[[ Source material, beginning ]]

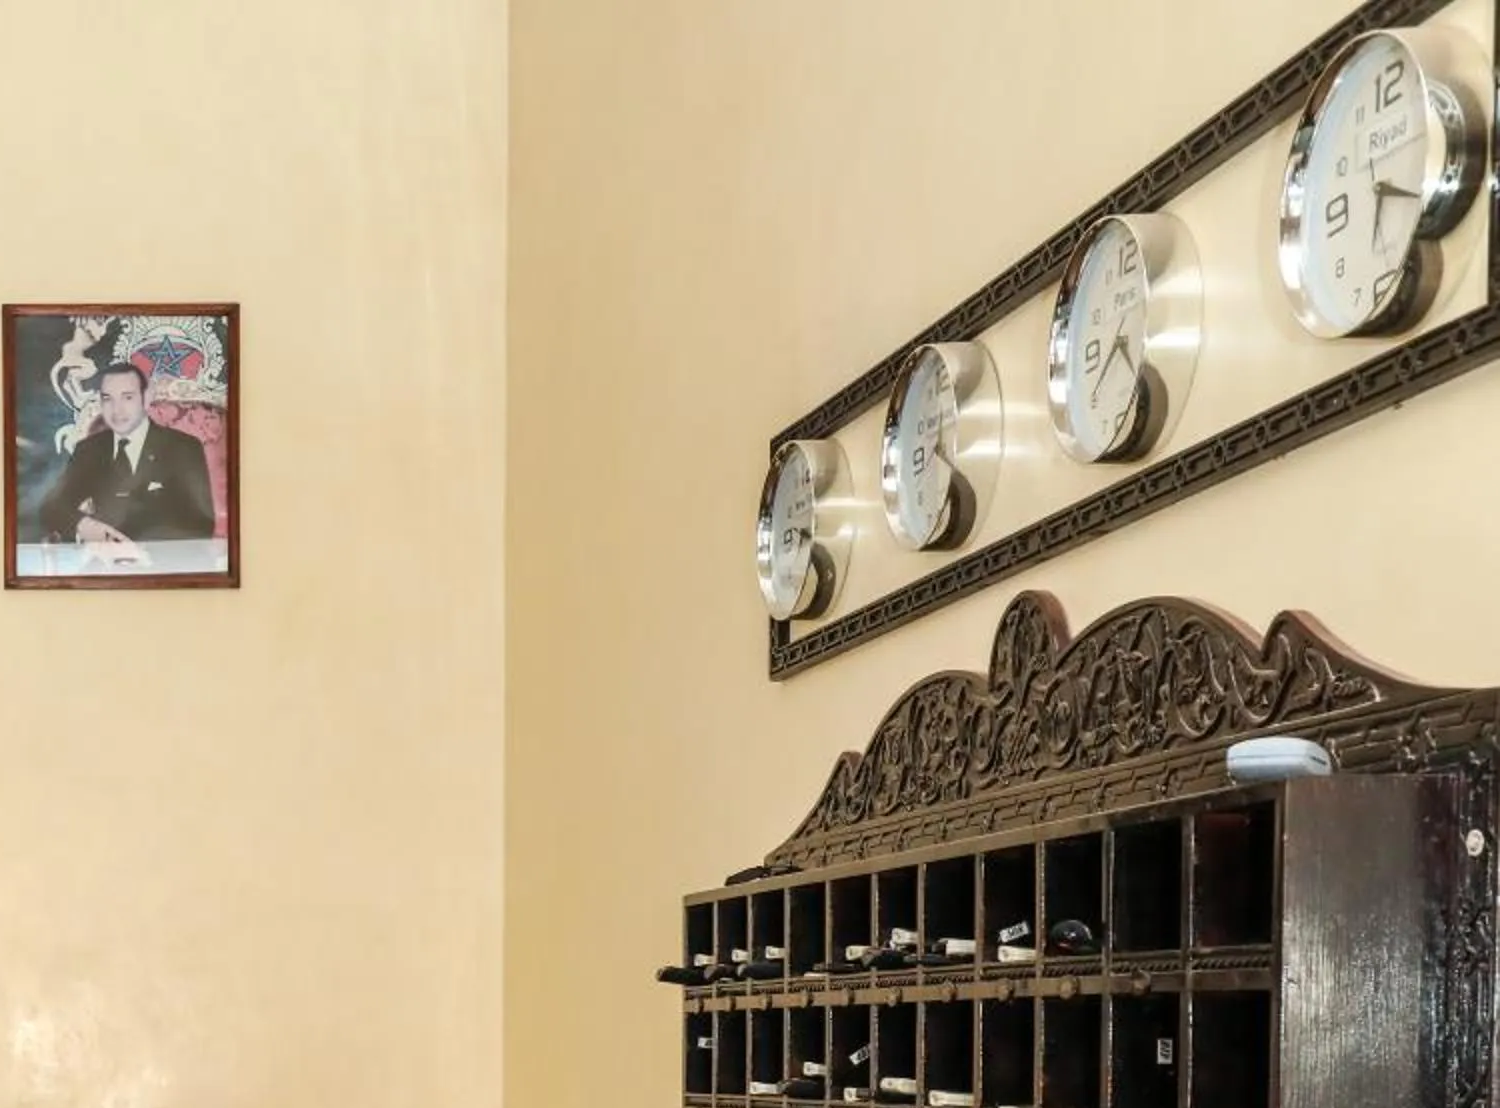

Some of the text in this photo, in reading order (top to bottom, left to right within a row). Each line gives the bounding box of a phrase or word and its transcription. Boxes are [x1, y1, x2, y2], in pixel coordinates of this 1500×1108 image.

[1375, 60, 1404, 113] 12
[1368, 116, 1407, 153] Riyad
[1326, 192, 1349, 238] 9
[1118, 239, 1138, 278] 12
[1085, 339, 1100, 374] 9

[[ Source material, end ]]

> [Directions] Your copy should be the entries retyped exactly, with no images in it.

> [Expected answer]
Some of the text in this photo, in reading order (top to bottom, left to right within a row). Each line gives the bounding box of a phrase or word and its transcription. Boxes are [x1, y1, x2, y2], in pixel coordinates of this 1500×1108 image.

[1375, 60, 1404, 113] 12
[1368, 116, 1407, 153] Riyad
[1326, 192, 1349, 238] 9
[1118, 239, 1138, 278] 12
[1085, 339, 1100, 374] 9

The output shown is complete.